# Electronics - RL Circuits - Discussion

Discussion Forum : RL Circuits - General Questions (Q.No. 1)
1.
As frequency increases
both series and parallel RL impedance decrease
series RL impedance decreases and parallel RL impedance increases
series RL impedance increases and parallel RL impedance decreases
both series and parallel RL impedance increase
Explanation:
No answer description is available. Let's discuss.
Discussion:
9 comments Page 1 of 1.

SAMurtza said:   6 years ago
Can be seen via MATLAB (Option C is correct)

w=0:1/10:2*π;
% RL Impedance Increases.

R=1; L=1;
Zs=R+j*w*L;
Zp=1./(1./R+1./j*w*L);
% normalized plots.
plot(w,abs(Zs)/max(abs(Zs)),w,abs(Zp)/max(abs(Zp))).
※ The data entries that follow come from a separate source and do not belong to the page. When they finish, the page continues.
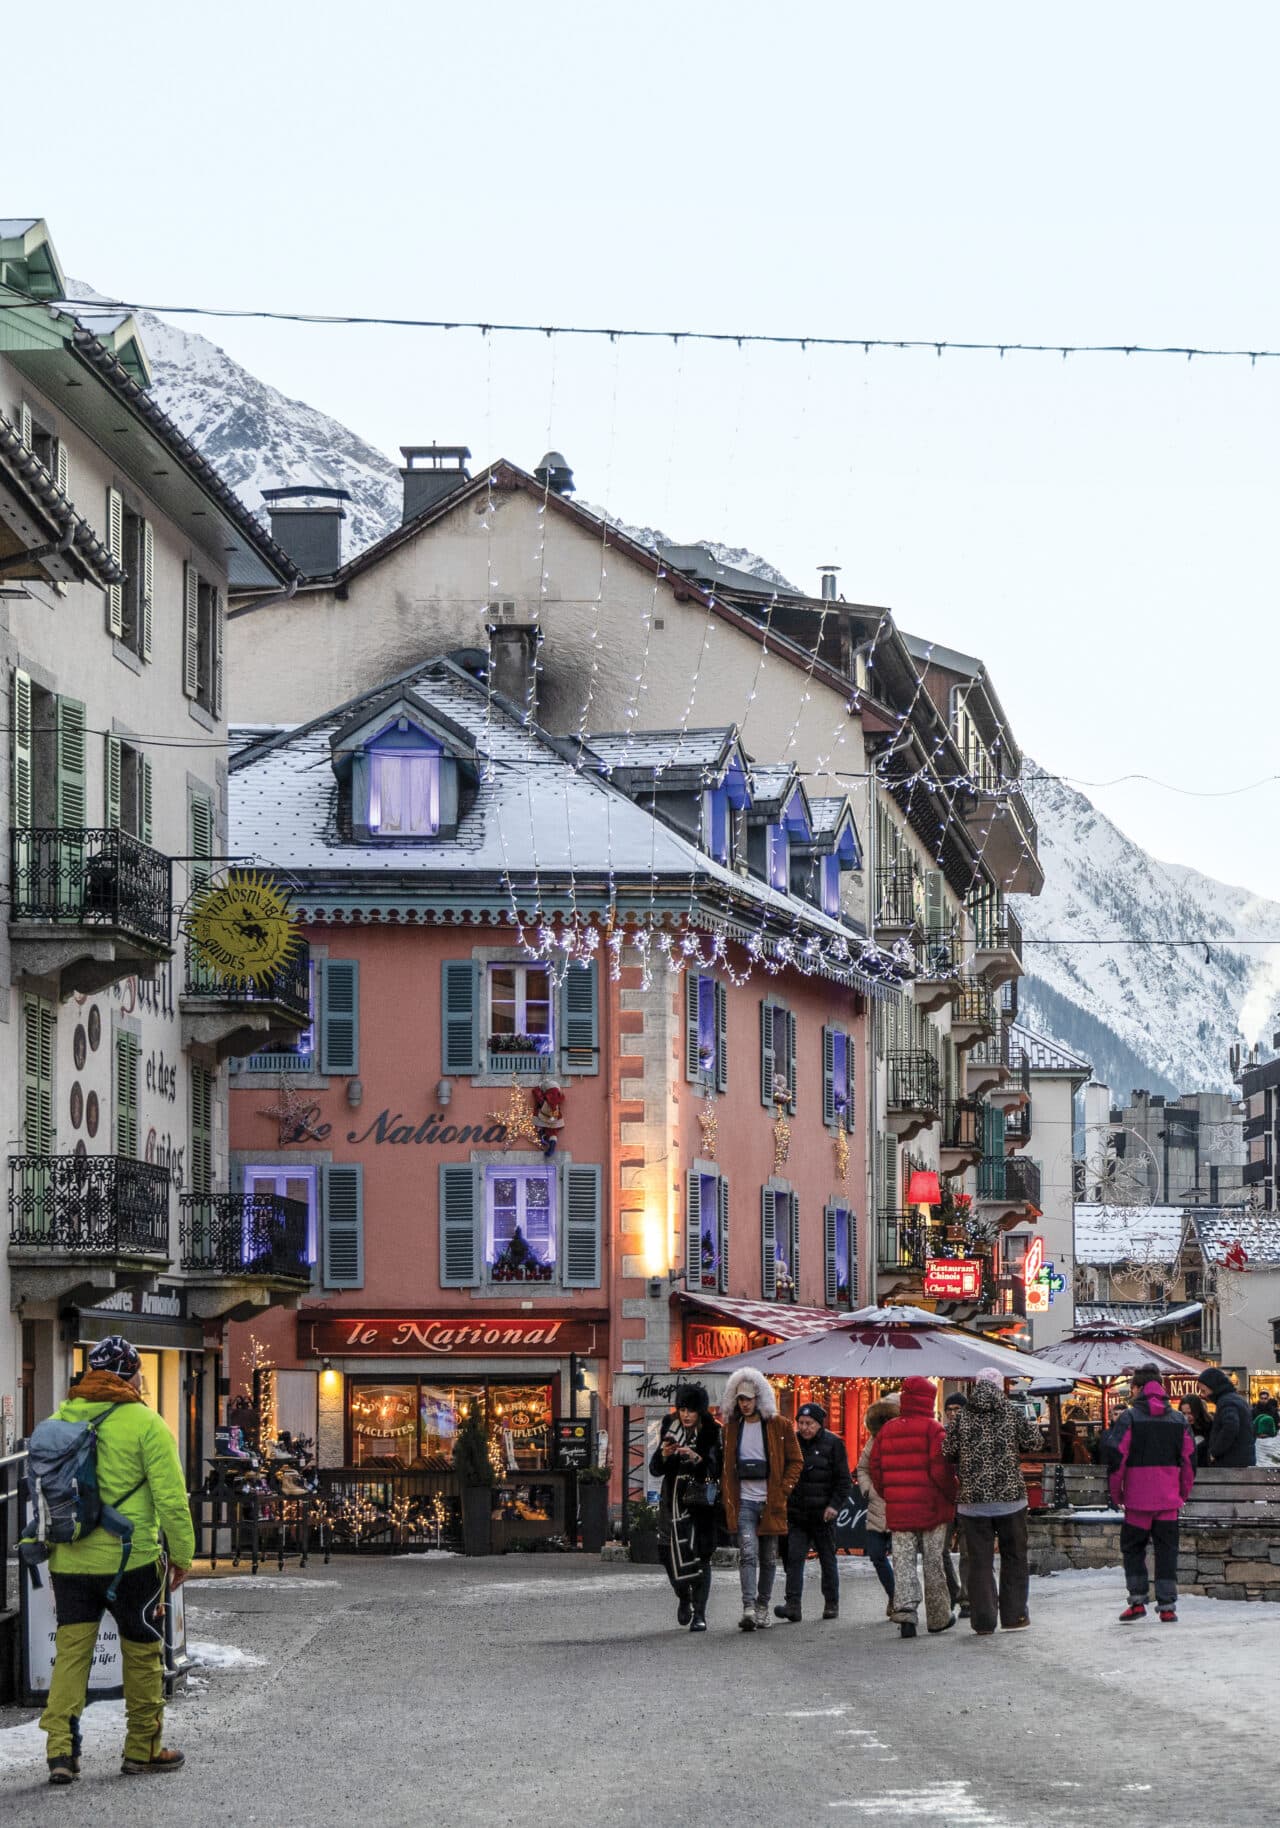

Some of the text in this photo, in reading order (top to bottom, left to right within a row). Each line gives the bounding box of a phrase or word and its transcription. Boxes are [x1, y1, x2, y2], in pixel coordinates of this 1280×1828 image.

[347, 1108, 512, 1144] Nationa
[930, 1264, 975, 1272] Restaurant
[930, 1271, 960, 1280] Chinois
[346, 1320, 563, 1352] le National
[696, 1330, 749, 1357] BRASSER
[356, 1423, 415, 1438] RACLETTES
[103, 1631, 117, 1641] bin
[98, 1653, 117, 1666] life!
SAMurtza said:   6 years ago
Z(w)_Series=R+jwL.
Z(0)_Series= R & |Z(infinite)_Series|= infinite (w increases , |Z| increases in SERIES) [Open at High frequency].
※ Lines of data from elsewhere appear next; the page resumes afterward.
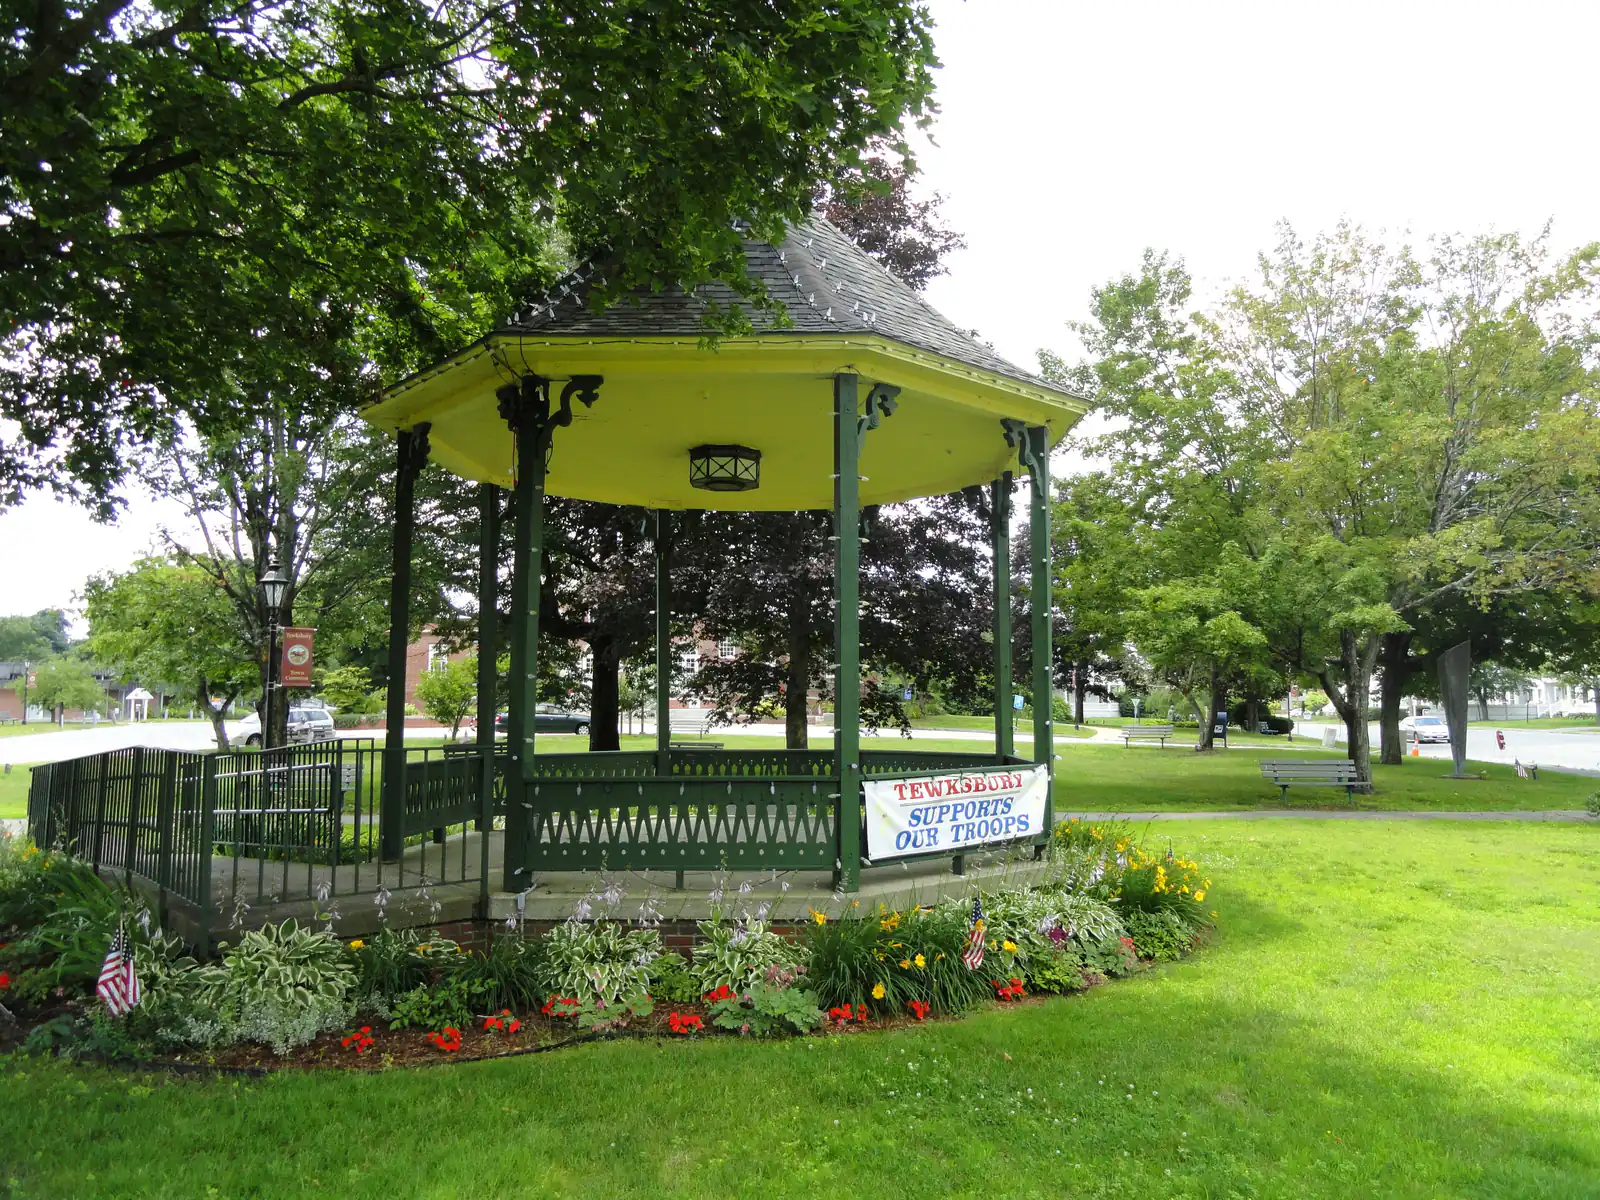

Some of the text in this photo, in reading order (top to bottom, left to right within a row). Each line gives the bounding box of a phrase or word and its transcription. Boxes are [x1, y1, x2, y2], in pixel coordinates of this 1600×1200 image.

[894, 774, 1023, 800] TEWKSBURY
[908, 797, 1014, 827] SUPPORTS
[895, 814, 1029, 850] OUR TROOPS
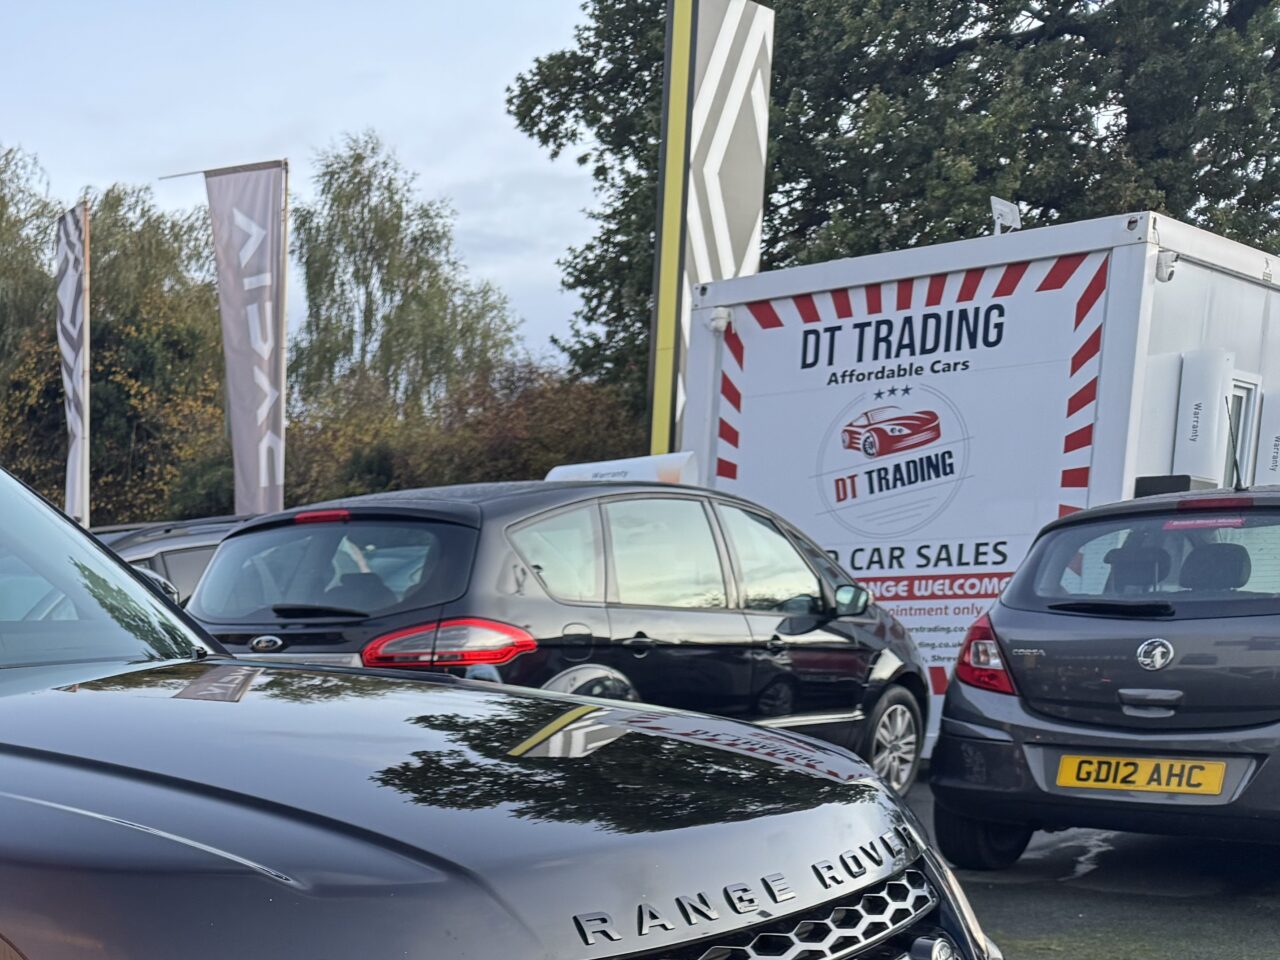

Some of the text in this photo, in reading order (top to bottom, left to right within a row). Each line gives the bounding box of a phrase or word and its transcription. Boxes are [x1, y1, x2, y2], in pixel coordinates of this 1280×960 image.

[801, 304, 1005, 369] DT TRADING
[827, 360, 969, 386] Affordable Cars
[1189, 402, 1202, 442] Warranty
[592, 470, 629, 479] Warranty
[834, 450, 954, 503] DT TRADING
[851, 541, 1007, 570] CAR SALES
[887, 603, 983, 617] ointment only
[1075, 760, 1205, 788] GD12 AHC
[572, 825, 916, 945] RANGE ROVER
Z(w)_Parallel=1/(1/R-j/wL) .
|Z(0)_Parallel |=infinite & Z(infinite )_Parallel = R ( w increases , |Z| decreases in PARALLEL) [Short at DC].

Jyothis said:   8 years ago
Find effective impedance of both series and parallel circuits. Analyse what happens when omega increases.

Raheel ahmed said:   1 decade ago
When the frequency of Parallel RL Circuit Increases, XL increases which causes IL (current through inductor) decreases. Decrease in IL causes It (It=Il+Ir) to decrease, which means by relation IT=Vs/Zt, the Zt (Total Impedance) Increases.

JAydeep Gidhvani said:   1 decade ago
Z=impedance
Z=R+XL
XL=2*Pi*F*L.

F Increase
XL Increase
SO Impedance increase.

In parallel the real impedence is in dinominator so optiion c is coorrect.

Sri Harshith Rajam said:   1 decade ago
Inductive Impedance (X)= Omega*Inductance
As omega is directly proportional to the frequency (2*pi*f) , the impedance increases and the inductor circuit tends to enter into the open circuit state !

Situ dash said:   1 decade ago
In both series & parallel

Xl=2*pi*f*L

So as freq increases Xl value increases & hence impedance increases.